Understanding Base64 encoding
Text Base64 vs. File Base64 vs. Data URL: three different things
Not all Base64 strings represent the same kind of content. Treating a file's Base64 as text (or vice versa) is a common source of confusion:
| Type | Example | Decodes to | Used for | Decode action |
|---|---|---|---|---|
| Text Base64 | SGVsbG8gV29ybGQ= | Hello World | Encode text strings for transport in JSON, XML, or URL parameters. | Decode as UTF-8 text — readable output. |
| File Base64 | /9j/4AAQSkZJRg... | (binary image data) | Embed images, PDFs, or other binary files as text inside JSON or HTML. | Decoded bytes are not human-readable.

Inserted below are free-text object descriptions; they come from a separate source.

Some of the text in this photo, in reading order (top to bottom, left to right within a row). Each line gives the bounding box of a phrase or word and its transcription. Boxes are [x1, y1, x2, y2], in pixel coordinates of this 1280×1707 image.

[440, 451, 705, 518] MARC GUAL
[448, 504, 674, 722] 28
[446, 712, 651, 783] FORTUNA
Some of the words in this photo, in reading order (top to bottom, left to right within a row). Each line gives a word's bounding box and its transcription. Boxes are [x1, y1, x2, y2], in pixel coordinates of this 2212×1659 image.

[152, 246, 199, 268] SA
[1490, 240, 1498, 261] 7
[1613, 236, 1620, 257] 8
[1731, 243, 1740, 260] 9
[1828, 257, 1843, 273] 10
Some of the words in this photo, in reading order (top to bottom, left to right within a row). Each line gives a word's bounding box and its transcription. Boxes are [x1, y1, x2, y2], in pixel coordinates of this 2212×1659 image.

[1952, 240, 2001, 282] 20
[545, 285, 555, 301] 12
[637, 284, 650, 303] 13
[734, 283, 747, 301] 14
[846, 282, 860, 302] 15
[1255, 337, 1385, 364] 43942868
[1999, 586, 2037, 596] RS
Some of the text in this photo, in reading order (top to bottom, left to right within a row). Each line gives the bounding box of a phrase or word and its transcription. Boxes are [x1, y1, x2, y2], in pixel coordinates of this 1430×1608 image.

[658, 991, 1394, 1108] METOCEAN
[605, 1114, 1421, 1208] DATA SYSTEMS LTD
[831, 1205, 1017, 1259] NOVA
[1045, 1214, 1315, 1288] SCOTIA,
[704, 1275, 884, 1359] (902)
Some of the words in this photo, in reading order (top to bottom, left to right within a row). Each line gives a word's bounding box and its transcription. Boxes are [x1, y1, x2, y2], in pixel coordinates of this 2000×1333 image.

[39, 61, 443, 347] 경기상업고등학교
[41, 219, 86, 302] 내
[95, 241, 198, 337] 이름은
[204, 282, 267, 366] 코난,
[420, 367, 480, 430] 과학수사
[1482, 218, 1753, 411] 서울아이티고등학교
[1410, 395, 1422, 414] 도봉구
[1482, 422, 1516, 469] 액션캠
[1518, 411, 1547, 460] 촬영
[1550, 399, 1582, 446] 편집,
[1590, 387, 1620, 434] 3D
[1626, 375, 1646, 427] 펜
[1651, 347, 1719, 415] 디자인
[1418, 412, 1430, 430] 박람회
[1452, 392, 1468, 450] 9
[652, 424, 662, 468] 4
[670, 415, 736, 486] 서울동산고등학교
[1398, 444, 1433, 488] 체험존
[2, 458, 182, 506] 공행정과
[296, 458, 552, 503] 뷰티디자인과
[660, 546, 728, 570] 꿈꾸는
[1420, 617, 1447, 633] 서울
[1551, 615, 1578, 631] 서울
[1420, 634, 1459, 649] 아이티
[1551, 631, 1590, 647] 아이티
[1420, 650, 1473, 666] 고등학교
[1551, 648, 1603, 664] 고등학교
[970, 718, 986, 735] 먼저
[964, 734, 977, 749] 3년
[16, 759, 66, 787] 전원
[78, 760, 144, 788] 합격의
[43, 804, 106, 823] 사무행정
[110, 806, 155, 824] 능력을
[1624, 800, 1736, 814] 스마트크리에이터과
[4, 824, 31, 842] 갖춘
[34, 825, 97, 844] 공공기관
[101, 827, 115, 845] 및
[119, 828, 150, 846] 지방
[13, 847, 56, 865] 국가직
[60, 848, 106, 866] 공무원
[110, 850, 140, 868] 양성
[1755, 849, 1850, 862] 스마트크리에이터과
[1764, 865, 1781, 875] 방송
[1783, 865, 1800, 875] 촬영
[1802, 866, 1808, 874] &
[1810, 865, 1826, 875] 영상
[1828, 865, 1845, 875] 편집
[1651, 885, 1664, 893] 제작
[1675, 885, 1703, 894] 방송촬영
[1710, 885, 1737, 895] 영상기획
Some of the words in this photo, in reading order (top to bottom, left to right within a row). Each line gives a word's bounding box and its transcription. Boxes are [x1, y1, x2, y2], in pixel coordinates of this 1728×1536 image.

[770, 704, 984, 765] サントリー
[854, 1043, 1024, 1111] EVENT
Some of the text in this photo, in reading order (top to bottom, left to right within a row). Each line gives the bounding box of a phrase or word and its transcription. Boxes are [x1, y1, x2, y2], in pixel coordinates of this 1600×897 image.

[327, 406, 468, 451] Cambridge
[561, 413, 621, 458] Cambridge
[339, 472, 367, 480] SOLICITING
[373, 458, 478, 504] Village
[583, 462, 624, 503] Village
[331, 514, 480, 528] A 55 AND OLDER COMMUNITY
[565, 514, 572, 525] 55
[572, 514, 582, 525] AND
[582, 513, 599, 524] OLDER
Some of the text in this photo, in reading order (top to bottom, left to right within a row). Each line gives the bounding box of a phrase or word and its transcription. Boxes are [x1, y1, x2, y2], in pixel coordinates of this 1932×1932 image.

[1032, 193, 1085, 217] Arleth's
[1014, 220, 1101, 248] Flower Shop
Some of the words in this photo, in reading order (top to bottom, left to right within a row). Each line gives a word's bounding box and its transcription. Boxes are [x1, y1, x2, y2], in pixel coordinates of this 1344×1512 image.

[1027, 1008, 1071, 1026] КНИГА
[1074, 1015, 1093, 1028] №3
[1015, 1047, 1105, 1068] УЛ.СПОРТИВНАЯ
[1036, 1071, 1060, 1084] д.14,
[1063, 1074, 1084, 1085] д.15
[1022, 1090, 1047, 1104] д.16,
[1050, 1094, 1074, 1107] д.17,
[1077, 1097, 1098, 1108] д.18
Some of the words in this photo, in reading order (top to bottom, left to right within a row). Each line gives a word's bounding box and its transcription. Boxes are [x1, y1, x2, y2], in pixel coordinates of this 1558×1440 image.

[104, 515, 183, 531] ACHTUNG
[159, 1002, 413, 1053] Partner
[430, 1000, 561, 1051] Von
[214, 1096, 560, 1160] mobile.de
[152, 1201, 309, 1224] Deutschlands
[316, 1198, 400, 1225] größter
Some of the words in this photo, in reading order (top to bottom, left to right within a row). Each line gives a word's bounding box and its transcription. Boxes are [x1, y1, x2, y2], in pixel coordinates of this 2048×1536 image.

Save as a file or use a Data URL to view. |
| Data URL | data:image/png;base64,iVBOR... | (image file embedded in URL) | Embed small files directly in HTML src attributes or CSS url() values. | Open the full Data URL in a browser address bar to view the file. |
Base64URL: the URL-safe variant
Standard Base64 uses + and / characters, which have special meaning in URLs. Base64URL solves this with three changes:
Replace
+ → -
Replace
/ → _
Strip
= padding
You will find Base64URL in JWT tokens (eyJ... headers and payloads), OAuth 2.0 state parameters, and anywhere Base64 appears in a URL path or query string. This tool auto-detects URL-safe characters when decoding and offers a dedicated Encode URL-Safe button for encoding.
Real-world use cases
Encoding API credentials for Basic Auth
HTTP Basic Authentication encodes username:password as Base64 in the Authorization header. While this is standard, remember that Base64 is encoding, not encryption — always use HTTPS to protect the header in transit.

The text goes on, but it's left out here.